I have mentioned Gladiator, the film by Ridley Scott, and it goes without saying that I will have to mention it again, for that film borrowed so heavily from Mann's effort that it might not have existed without it (entire scenes and subplots are lifted, literally in total). Gladiator is a good film, and certainly more enjoyable than this effort, but what it added in entertainment, it lost in ideas. Plunging the audience into the sands of the arena might titillate, but it does not intrigue. What exactly was Rome? And why was it so worth fighting and dying for? Gladiator plays at answering those questions, but ends up pursuing an empty notion of revenge with not much else at stake, whereas The Fall of the Roman Empire powerfully explores what is lost when Rome falls (honor, citizenship, a chance to live in relative safety and free from harm). 

That Rome's grandeur is seemingly pulled down by one man is completely inaccurate, historically speaking (Rome flourished well after the 180 AD-ish time period depicted in the film and went on being Rome until at least 476 AD), but it is compelling nonetheless.

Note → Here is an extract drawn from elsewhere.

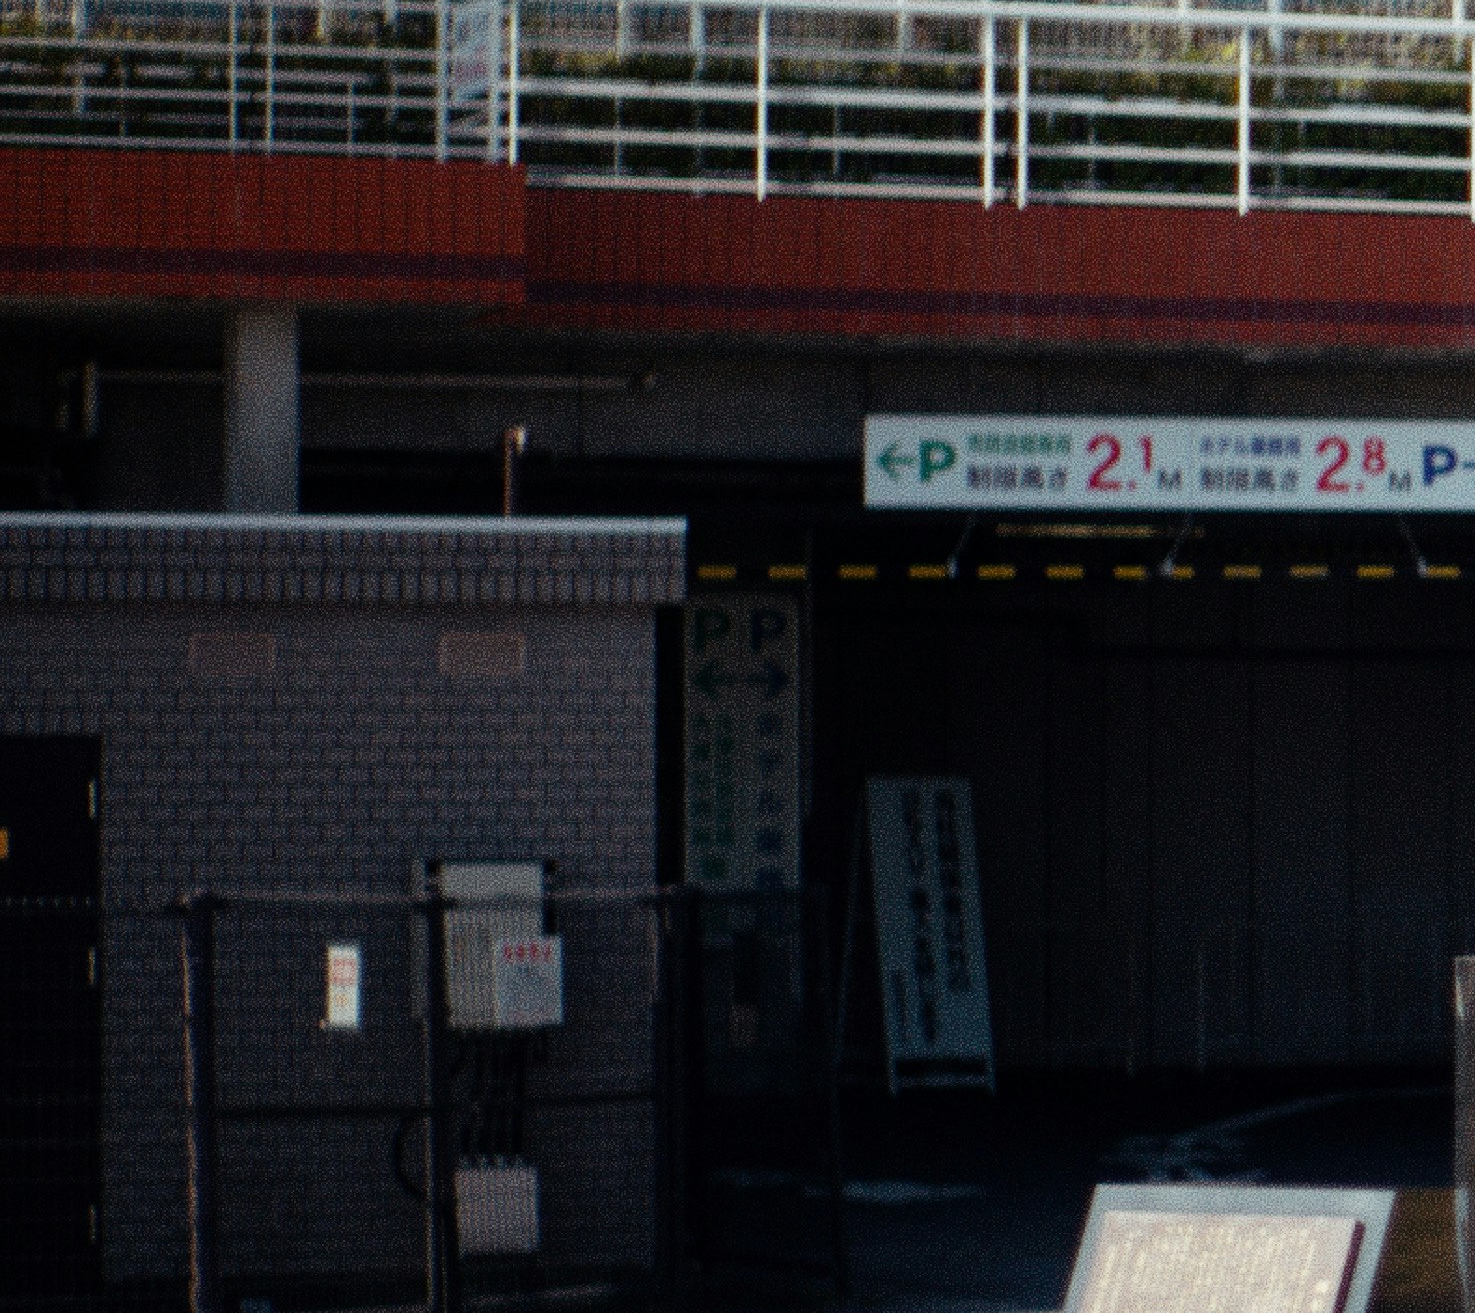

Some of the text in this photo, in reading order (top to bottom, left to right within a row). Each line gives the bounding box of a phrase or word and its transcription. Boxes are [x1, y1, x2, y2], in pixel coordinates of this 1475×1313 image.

[918, 439, 957, 483] P
[1422, 444, 1459, 487] P
[694, 607, 787, 652] P P

Plummer's Commodus is manic and desperate, but he is also not his father's son (and he knows this) and he lashes out at the world more from an inability to find a place in it than from in sort of feverish spite. At the same time, Sophie Loren is forced to oppose her brother in order to try to save her father's legacy.  That she winds up as corrupt as Commodus even as she strives for noble purposes is a testament to the film's disturbing message about the collapse of social cohesion. Stephen Boyd attempts to remain true to himself and true to Rome, but in the end, he witnesses his army and its commanders bought off with gold, and the citizens of Rome drunk on the improvised glory of Commodus and his new and idolatrous cult of personality. 

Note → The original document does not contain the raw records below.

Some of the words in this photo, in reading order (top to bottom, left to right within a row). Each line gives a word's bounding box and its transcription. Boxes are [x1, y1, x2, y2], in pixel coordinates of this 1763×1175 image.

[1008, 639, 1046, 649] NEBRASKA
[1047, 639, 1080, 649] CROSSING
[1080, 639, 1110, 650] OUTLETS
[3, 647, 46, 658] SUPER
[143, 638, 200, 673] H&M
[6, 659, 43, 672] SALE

For Boyd it is a frightening moment, one in which he truly becomes a son of Aurelius, for like the departed emperor, his life's work is made meaningless by the whims of a populist mob who has lost all sense of self. For the audience living in uncertain times, both then and now, it is strikes a chord of warning. When a society forgets its pride, when it ceases to defend itself and work toward greater ends, then it truly loses its way and its worth. The penultimate scene, wherein the throne of the empire is auctioned off to the highest bidder, shows how much and how little the title has become, thanks to collective social abrogation Commodus and his reign of terror gave voice to. 

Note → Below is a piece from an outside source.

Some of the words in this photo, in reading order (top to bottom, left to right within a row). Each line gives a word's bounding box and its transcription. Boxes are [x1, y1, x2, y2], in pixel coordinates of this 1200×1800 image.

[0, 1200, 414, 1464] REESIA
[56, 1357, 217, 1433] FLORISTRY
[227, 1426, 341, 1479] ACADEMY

In film-making terms, the real tragedy of The Fall of the Roman Empire is the demise of the type of storytelling it employs and the subsequent absence of ideas it wants to wrestle with. Epics today are back in fashion and many of them are no more compelling than their empty-headed predecessors, thanks I am afraid, to the resounding thud of Mann's Herculean effort made at the box office. And yet, somewhere between the high-mindedness of Mann and the brute force of Scott, there is a great film about a great empire to be made. Unfortunately, I doubt anyone has the courage to attempt it. It would be too difficult to get your arms around and too confusing to today's studio heads and audiences. Therefore, in lieu of better efforts not-to-come, seek out this original and marvel in what it manages to do very right.